Thursday, 5 March 2015

Woe is me

I haven’t done much writing of late, haven’t had the inclination to sit here and attack the keyboard and vent my spleen, and the reason for this is that the depression that has plagued a third of my life has made an unwelcome return. I’ve felt it creeping around the edges of my mind, trying to worm its way back in, and for a goodly while I was able to hold it at bay – life was good, I didn’t want to go back down that road again. But then when my best friend in the world died from cancer a month ago it proved to be the final straw, and I stopped fighting and allowed the blackness back.

It’s hard to tell people you’re ill when – at face value – there’s nothing apparently wrong with you; you aren’t limping, bleeding or struggling to catch your breath. You feel like the world’s biggest fraud sitting in the doctor’s waiting room and seeing people come hobbling in with their genuine ailments. But, in a way, that’s all part of the illness; you’re a fraud, there’s nothing wrong with you, everyone knows you’re faking it and they’re all disgusted. These are the thoughts that are going through your mind, and you can’t make them stop. Your brain has turned against you. Welcome to the world of the big D.

A couple of weeks back I could barely bring myself to turn on the TV. I’d sit watching the news and would look at the journalist thinking that person has made a success of their life, and I’m a total failure. I’m pathetic and my life is pointless. Wouldn’t it be great if I could just go to sleep and never wake up again? They call these ‘intrusive thoughts’, these blasts of self hate that rampage through your brain. But at the time they don’t feel in any way intrusive; for something to be intrusive it has by it’s very definition to have come from outside. These thoughts haven’t come from anywhere or anyone else; they are your own voice, and they are entirely rational. There’s no point arguing, because the case that you’re worthless scum is entirely watertight and beyond argument. It makes perfect, unimpeachable sense. In the same way that cancer turns your body’s own cells against you, the big D turns your own thought patterns against you.

I have a phrase I use to describe my blackest, bleakest moments; an epithet I picked up from a Stephen King book many years ago (I think it may have been ‘It’); The Deadlights. When I’ve sunk so low I can barely think, move or focus my eyes I know that the Deadlights are on; I sit and stare blank at the wall, lost in a sea of darkness and unable to find my way back to the light. These times mark the very rock bottom, the depths of despair, and it was when the Deadlights came on for the first time in a decade a fortnight ago that I knew I had to get some help. I went to see the doctor and she issued me a prescription for Prozac, and now the gloom and despondency is starting to lift.

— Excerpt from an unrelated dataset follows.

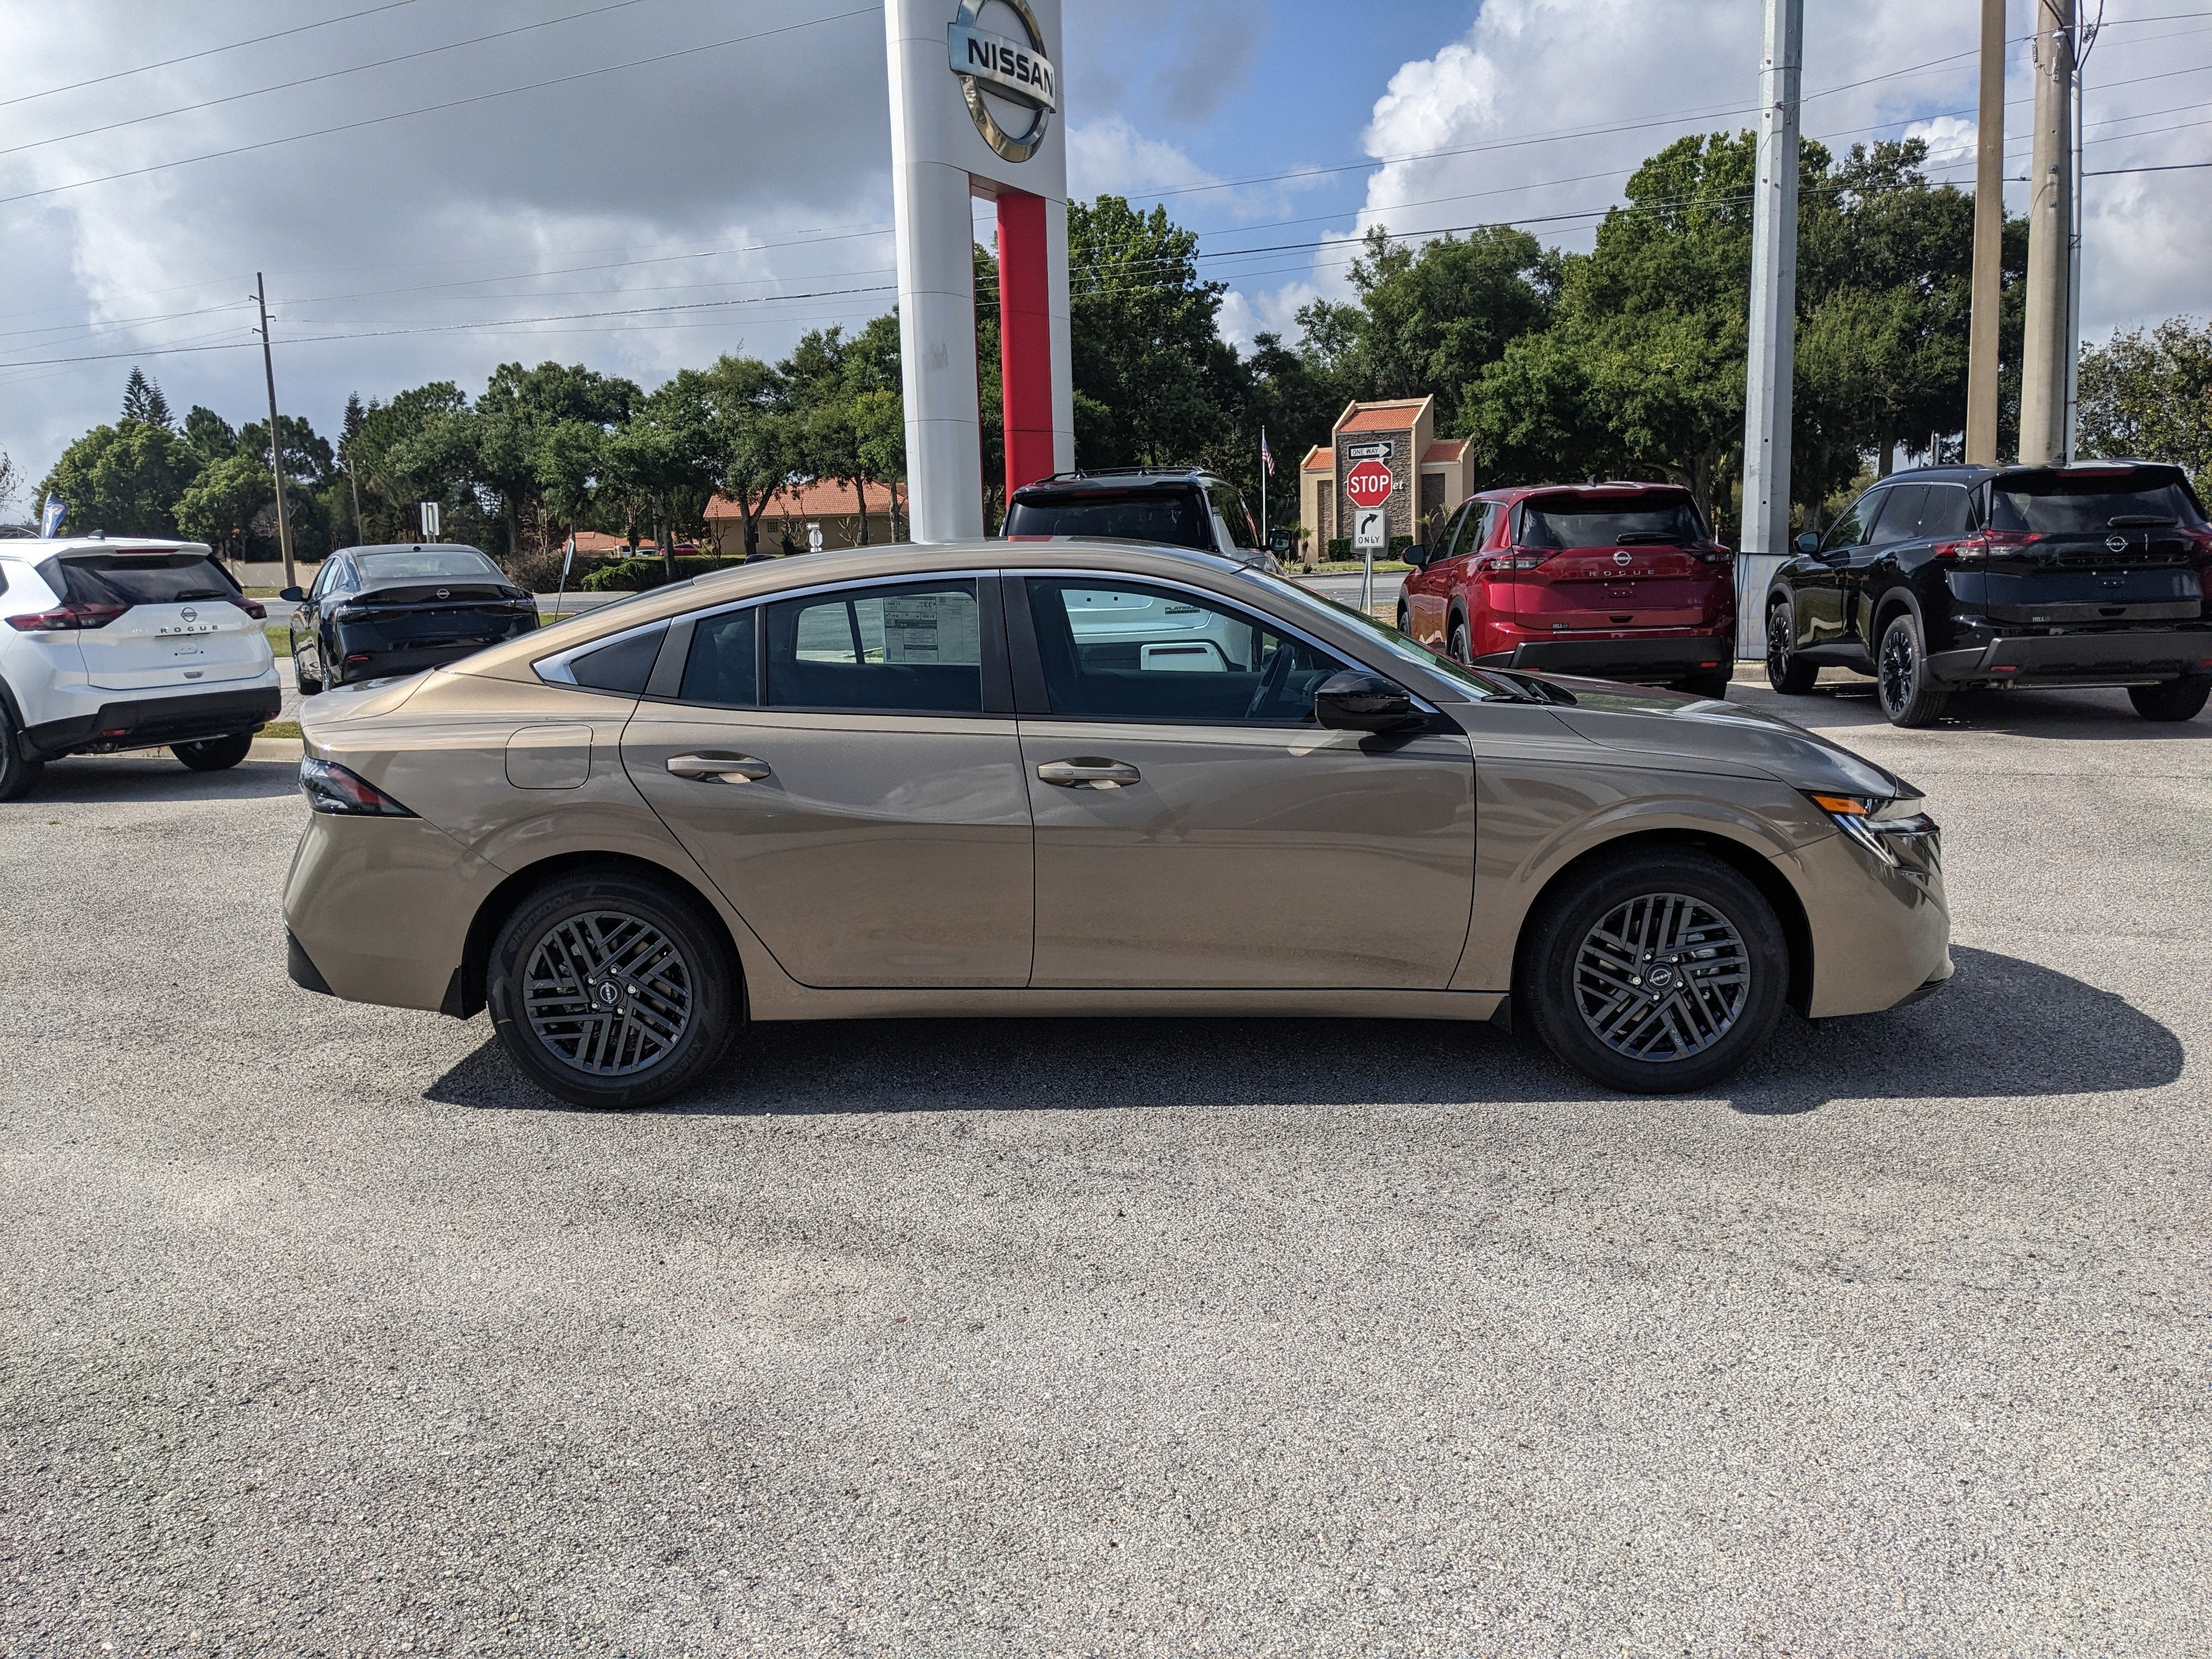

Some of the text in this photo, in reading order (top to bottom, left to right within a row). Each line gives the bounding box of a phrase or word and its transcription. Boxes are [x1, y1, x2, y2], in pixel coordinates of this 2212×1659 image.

[968, 37, 1054, 98] NISSAN
[1350, 475, 1389, 494] STOP
[161, 625, 219, 634] ROGUE
[1649, 971, 1672, 983] NISSAN

And only now, now that my mind is starting to come back under my own control, do I see this as a good thing; one of the surprising things about the big D is that in no way do you ever see it as a threat; the big D is your friend; it puts a blanket around your shoulders and keeps you warm, protecting you from all those awful people on the outside who despise you. There’s no point making an effort to get better, because you’d only be wasting your time; stay here in the murk where it’s safe, for the big D is the only friend you’ll ever need.

Unfortunately the big D is a liar; it isn’t your friend at all, and is dragging you blindly on towards the cliff edge, where ultimately you will topple over and plunge to your death. If you never had suicidal thoughts then you probably cannot begin to comprehend how someone could be so crazy or selfish as to take their own life and inflict so much pain and misery on those they’re leaving behind. What you aren’t seeing is that it was the big D that made them do it; that the big D had them convinced that no one cared, no one would even be sad at their passing, and that all possible avenues forward were blocked. In the same way that cancer ravages your body and leaves you dead, the big D will keep on whispering in your ear that it’s entirely rational to swallow that bottle of pills, or that the only sensible option left is to throw yourself in front of that train.

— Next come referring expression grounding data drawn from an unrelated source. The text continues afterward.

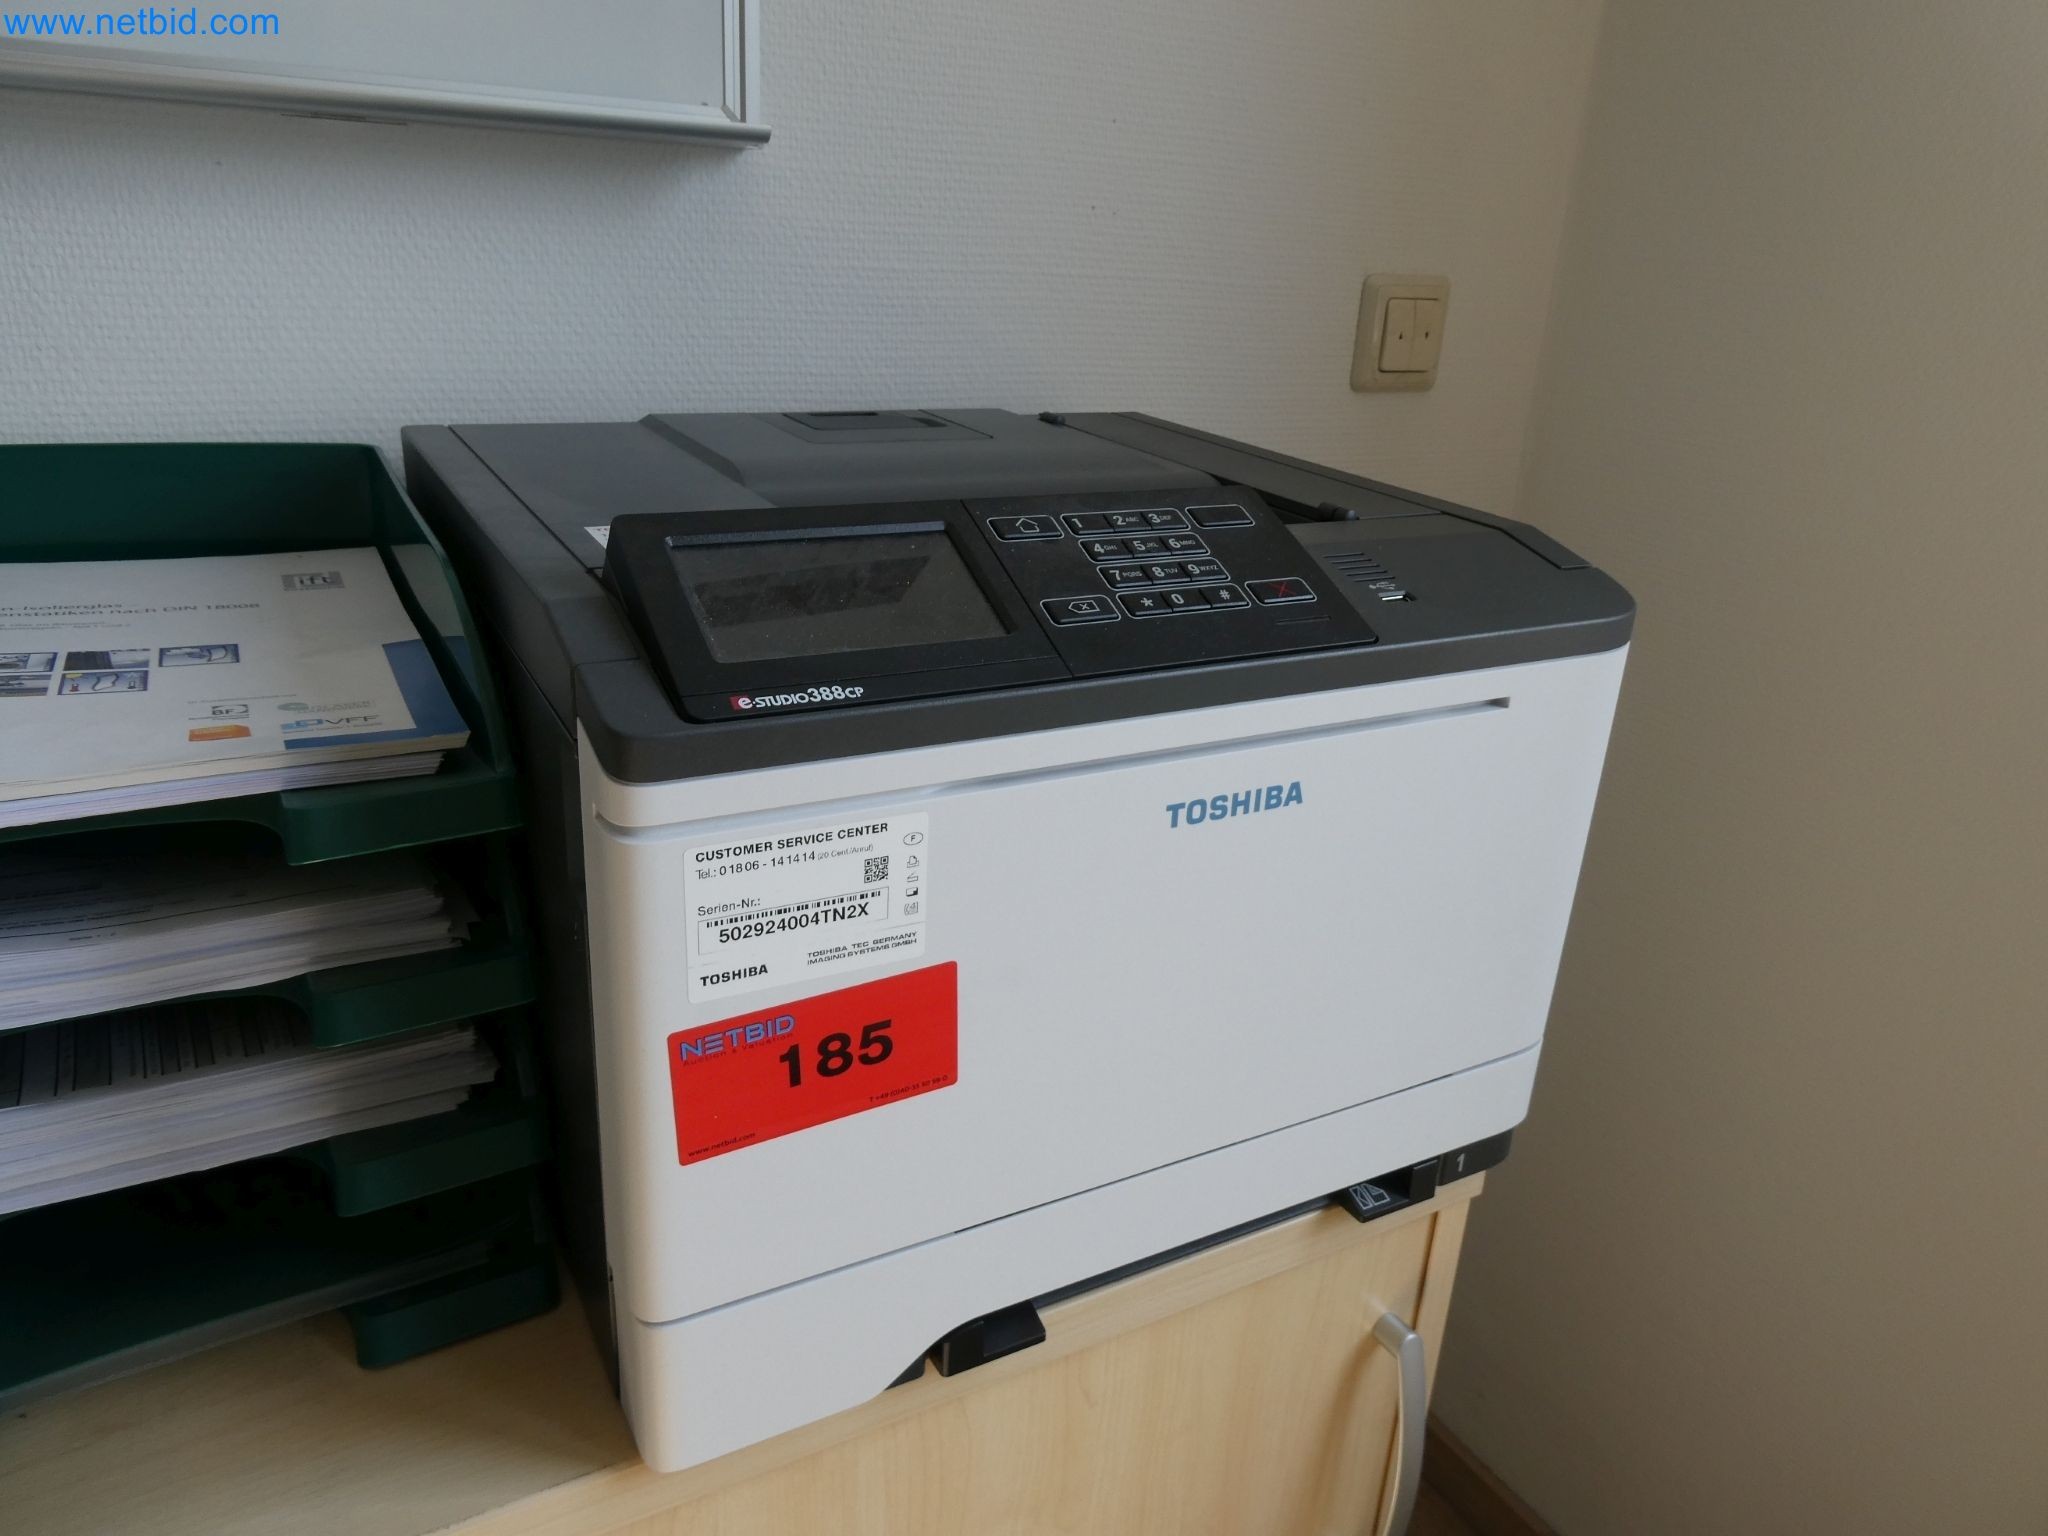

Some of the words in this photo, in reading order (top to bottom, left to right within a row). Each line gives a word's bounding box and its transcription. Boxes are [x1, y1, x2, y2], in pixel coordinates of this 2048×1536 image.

[1072, 518, 1083, 528] 1
[1112, 515, 1126, 525] 2
[1148, 513, 1160, 523] 3
[1094, 543, 1105, 553] 4
[1133, 540, 1146, 551] 5
[1169, 538, 1181, 548] 6
[1110, 570, 1121, 581] 7
[1152, 566, 1165, 577] 8
[1187, 563, 1200, 574] 9
[1170, 593, 1185, 605] 0
[1166, 781, 1303, 828] TOSHIBA
[695, 841, 773, 863] CUSTOMER
[777, 832, 833, 850] SERVICE
[837, 822, 888, 840] CENTER
[695, 868, 717, 880] Tel.:
[698, 896, 761, 917] Serien-Nr.:
[719, 902, 869, 944] 502924004TN2X
[807, 953, 846, 965] IMAGING
[847, 944, 890, 957] SYSTEMS
[808, 945, 848, 958] TOSHIBA
[852, 941, 869, 949] TEC
[872, 931, 918, 945] GERMANY
[700, 964, 768, 986] TOSHIBA
[680, 1014, 796, 1062] NETBID
[779, 1019, 894, 1088] 185
[688, 1131, 756, 1157] www.netbid.com
[1456, 1153, 1465, 1172] 1

The big D took hold of me when I was fourteen and, despite bucketfuls of antidepressants and counselling, never left me alone until I was nearly thirty. I had a ten year break, but now it’s back and telling me it wants a second bite of the cherry. But not this time; I will not allow the big D to destroy any more of my life, for I know its tricks and methods all too well. The Prozac is helping, and admitting to my friends and family that I have a problem is helping too. The big D didn’t want me to tell anyone, it wanted the gloom that was seeping back into my life to be our little secret, all over again.